Domestic Violence


We all need our homes to be a haven, a safe and happy place where we are loved, supported, and encouraged to reach our full potential, whatever that might be. Unfortunately, for many people, home is quite the opposite. It is a place of conflict, anxiety, abuse, violence, and terror.

Domestic violence is an ongoing pattern of power and control over another person, (usually the intimate partner) which includes intentional acts of physical, economic, sexual, emotional, and psychological abuse.  It is an abuse of power to control and manipulate that harms family members. We use the term “family” to refer to a range of relationships among people: traditional nuclear families, extended families, step-families, current or former intimate partners who may or may not be married, gay and lesbian families and those who consider themselves a family, whether or not they have blood ties or fit legal or religious definition of “family”.

Our definition includes intimate partner violence in cohabiting or formerly cohabiting relationships, dating violence, sexual assault, child and elder abuse. Unfortunately, the law disregards psychological and/or emotional damage.  Psychological wounds heal more slowly than most physical ones and often have more long terms consequences for the victim.

Many acts of domestic violence are criminal offenses: Assault (aggravated and simple); Arson; Burglary; Breaking and Entering; Destruction or Vandalism of Property; Homicide; Kidnapping; Hostage-taking, Abduction; Sexual Assaults; Stolen Property; Disorderly Conduct; Stalking; Trespass of Real Property, arson and other criminal acts such as killing or abducting pets. Domestic Violence encompasses child and elder abuse and sexual assault..

Tennessee‘s legal definition: “Domestic abuse” means inflicting or attempting to inflict physical injury on an adult by other than accidental means, physical restraint or malicious damage to the property of the abused party. “Adult” means any person eighteen (18) years of age or older, or who is otherwise emancipated (Tenn. Code Annotated 36-3-601).

Beliefs and attitudes concerning domestic violence are engrained in our society, often at an unconscious level. For example, the expression, “Rule of Thumb” reflects the attitude that it is acceptable to beat your wife. It stems from English common law, which was used to indicate acceptable standards and permitted the man to beat his wife with a stick as long as it was no thicker than the base of his thumb.

It is common to view domestic violence as a “family dispute” rather than one person assaulting another. The victim’s efforts to defend herself are often viewed by law enforcement, attorneys and judges as an assault on the abuser. The perpetrator often appears as a charming, responsible person in the community, not as someone who regularly assaults his wife and/or children. Without skilled police investigation and prosecution by a knowledgeable prosecutor, it is easy for a juror who sees the case as a “family dispute” to find the perpetrator innocent.

Traditional attitudes about gender roles and shame about seeking help for “family problems” create an environment endorsing domestic violence. As the “head of the household”, the male is assumed to have certain entitlements such as control of money, sex, and instant obedience to his wishes. “A man’s home is his castle” implies male rights to proprietorship even when property is jointly owned.
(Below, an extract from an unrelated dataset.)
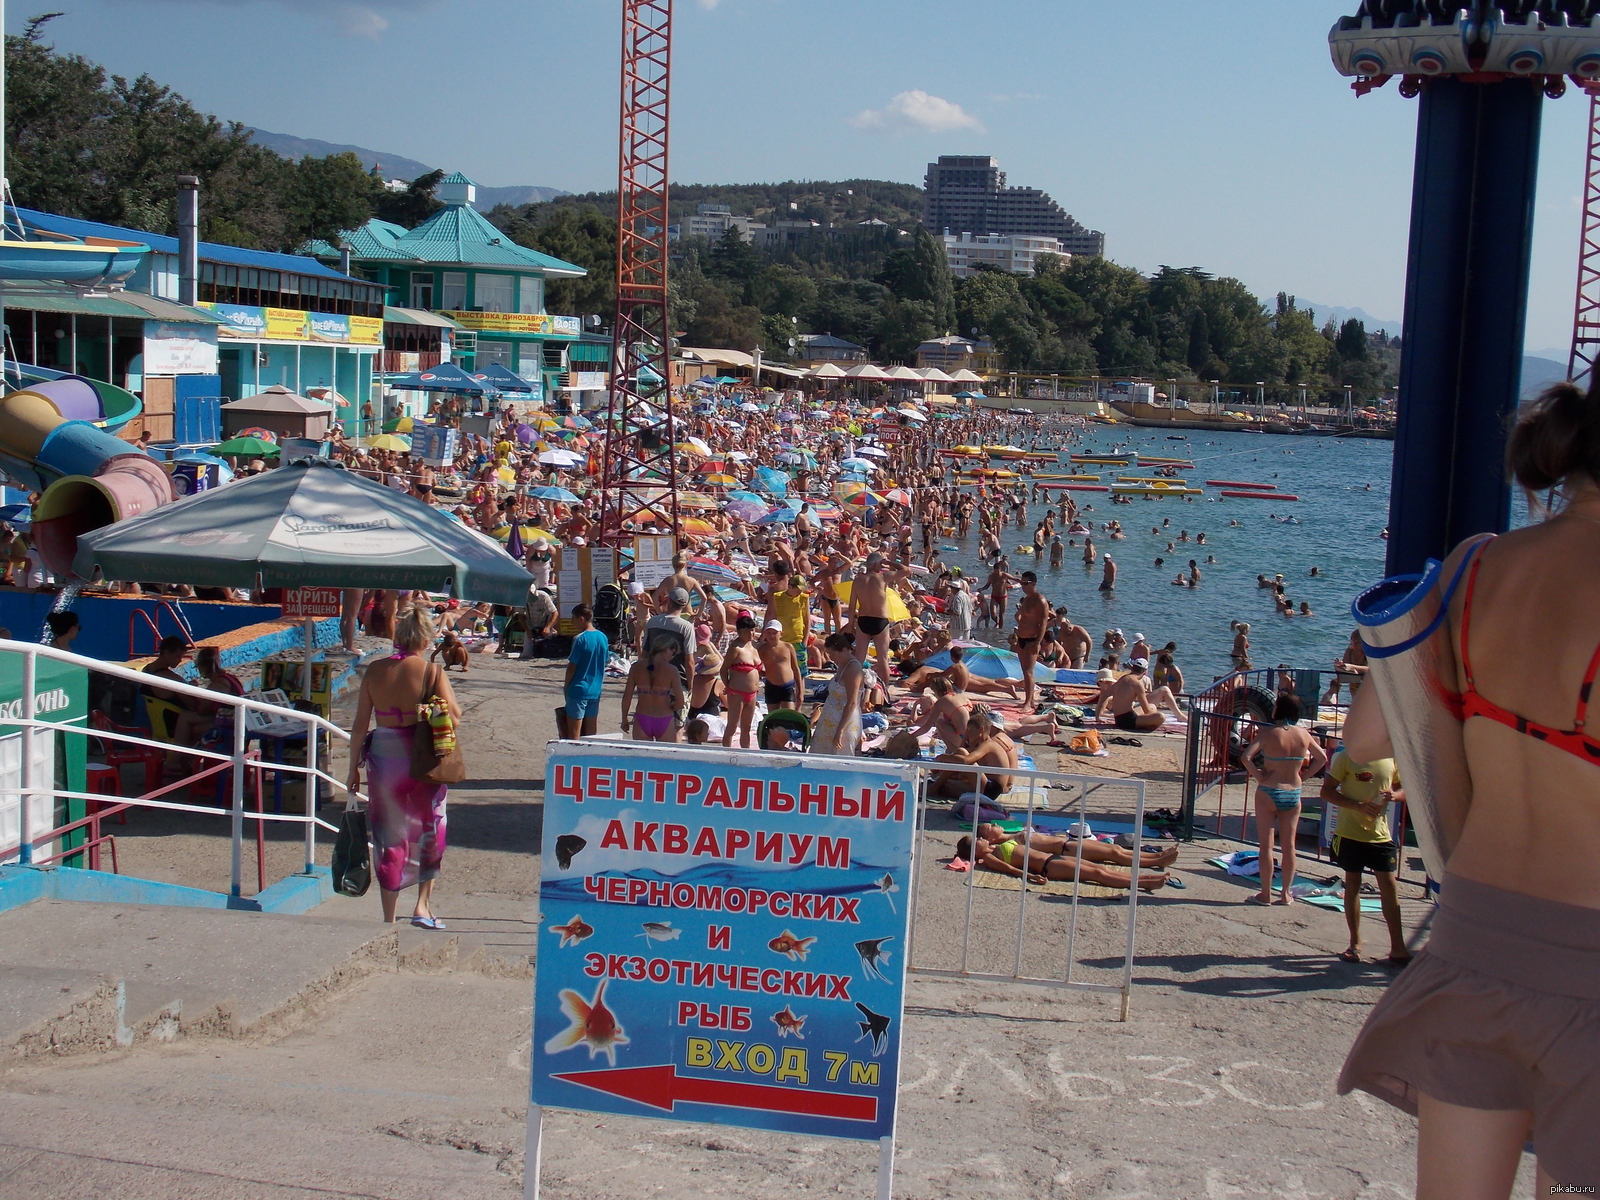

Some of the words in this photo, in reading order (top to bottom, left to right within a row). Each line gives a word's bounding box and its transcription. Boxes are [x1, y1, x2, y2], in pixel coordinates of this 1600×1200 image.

Some people still believe that a wife and children are property of the male. These beliefs are manifested by the growing number of women and children who seek shelter with nothing but the clothing they are wearing. Victims who are forced to abandon the home to escape abuse often find it difficult to establish a new household and support themselves and their children.

Beliefs and attitudes of significant others in the victim’s life such as family, ministers, and employers often advise the victim to remain in the abusive relationship.   Even mothers may tell their daughters it is their “duty” to stay in the relationship and make it work. “It can’t be that bad,” they may say.  Or, “You made your bed, now lie in it.”

Ministers may say that “It is not Christian to leave a marriage” even when it is abusive. These attitudes are prevalent in our society.  Employers sometimes fire victims because they are stalked at work. Many victims do not know that help is available nor do they seek help because they believe the messages from important people in their lives that they are responsible for the abuse. They feel guilty that they cannot make the relationship work and blame themselves. They feel shame that they must seek help from others. They are in a double bind. No matter what they do, it will be wrong.

Professionals in the justice system may reinforce the victims’ belief that abuse is her fault. Questions or comments are often made, such as, “What did you do to cause him to do this?”; “It’s up to you to go home and work it out”; “She must like it. She keeps going back.” “It’s just a little tap, why are you so neurotic?” Comments such as these indicate belief that the victim is responsible for the abuse and fail to hold the batterer accountable for abuse.